[THE PROBLEM] Write out all of the data again, exactly as it reads.

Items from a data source
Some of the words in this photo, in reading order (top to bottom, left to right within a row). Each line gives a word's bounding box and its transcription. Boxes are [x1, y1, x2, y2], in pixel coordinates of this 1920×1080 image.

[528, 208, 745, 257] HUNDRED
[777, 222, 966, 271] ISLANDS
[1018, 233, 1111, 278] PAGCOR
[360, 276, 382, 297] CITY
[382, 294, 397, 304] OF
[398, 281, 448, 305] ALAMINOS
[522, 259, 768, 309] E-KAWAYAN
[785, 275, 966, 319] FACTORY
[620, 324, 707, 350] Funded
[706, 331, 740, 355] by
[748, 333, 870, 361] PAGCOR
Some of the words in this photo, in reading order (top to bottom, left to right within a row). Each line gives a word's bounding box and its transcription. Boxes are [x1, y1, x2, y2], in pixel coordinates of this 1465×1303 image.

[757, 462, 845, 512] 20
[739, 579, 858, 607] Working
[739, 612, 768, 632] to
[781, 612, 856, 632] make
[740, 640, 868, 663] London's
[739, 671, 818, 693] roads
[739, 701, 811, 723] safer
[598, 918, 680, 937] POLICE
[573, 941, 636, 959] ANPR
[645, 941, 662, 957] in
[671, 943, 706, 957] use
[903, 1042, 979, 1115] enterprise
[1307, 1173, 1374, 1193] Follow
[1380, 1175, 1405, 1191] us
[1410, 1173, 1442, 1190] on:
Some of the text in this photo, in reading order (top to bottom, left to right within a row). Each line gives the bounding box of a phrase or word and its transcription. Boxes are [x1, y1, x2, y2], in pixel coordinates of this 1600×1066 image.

[ANSWER BELOW]
Some of the words in this photo, in reading order (top to bottom, left to right within a row). Each line gives a word's bounding box and its transcription. Boxes are [x1, y1, x2, y2], in pixel coordinates of this 1920×1080 image.

[528, 208, 745, 257] HUNDRED
[777, 222, 966, 271] ISLANDS
[1018, 233, 1111, 278] PAGCOR
[360, 276, 382, 297] CITY
[382, 294, 397, 304] OF
[398, 281, 448, 305] ALAMINOS
[522, 259, 768, 309] E-KAWAYAN
[785, 275, 966, 319] FACTORY
[620, 324, 707, 350] Funded
[706, 331, 740, 355] by
[748, 333, 870, 361] PAGCOR
Some of the words in this photo, in reading order (top to bottom, left to right within a row). Each line gives a word's bounding box and its transcription. Boxes are [x1, y1, x2, y2], in pixel coordinates of this 1465×1303 image.

[757, 462, 845, 512] 20
[739, 579, 858, 607] Working
[739, 612, 768, 632] to
[781, 612, 856, 632] make
[740, 640, 868, 663] London's
[739, 671, 818, 693] roads
[739, 701, 811, 723] safer
[598, 918, 680, 937] POLICE
[573, 941, 636, 959] ANPR
[645, 941, 662, 957] in
[671, 943, 706, 957] use
[903, 1042, 979, 1115] enterprise
[1307, 1173, 1374, 1193] Follow
[1380, 1175, 1405, 1191] us
[1410, 1173, 1442, 1190] on:
Some of the text in this photo, in reading order (top to bottom, left to right within a row). Each line gives the bounding box of a phrase or word and its transcription. Boxes are [x1, y1, x2, y2], in pixel coordinates of this 1600×1066 image.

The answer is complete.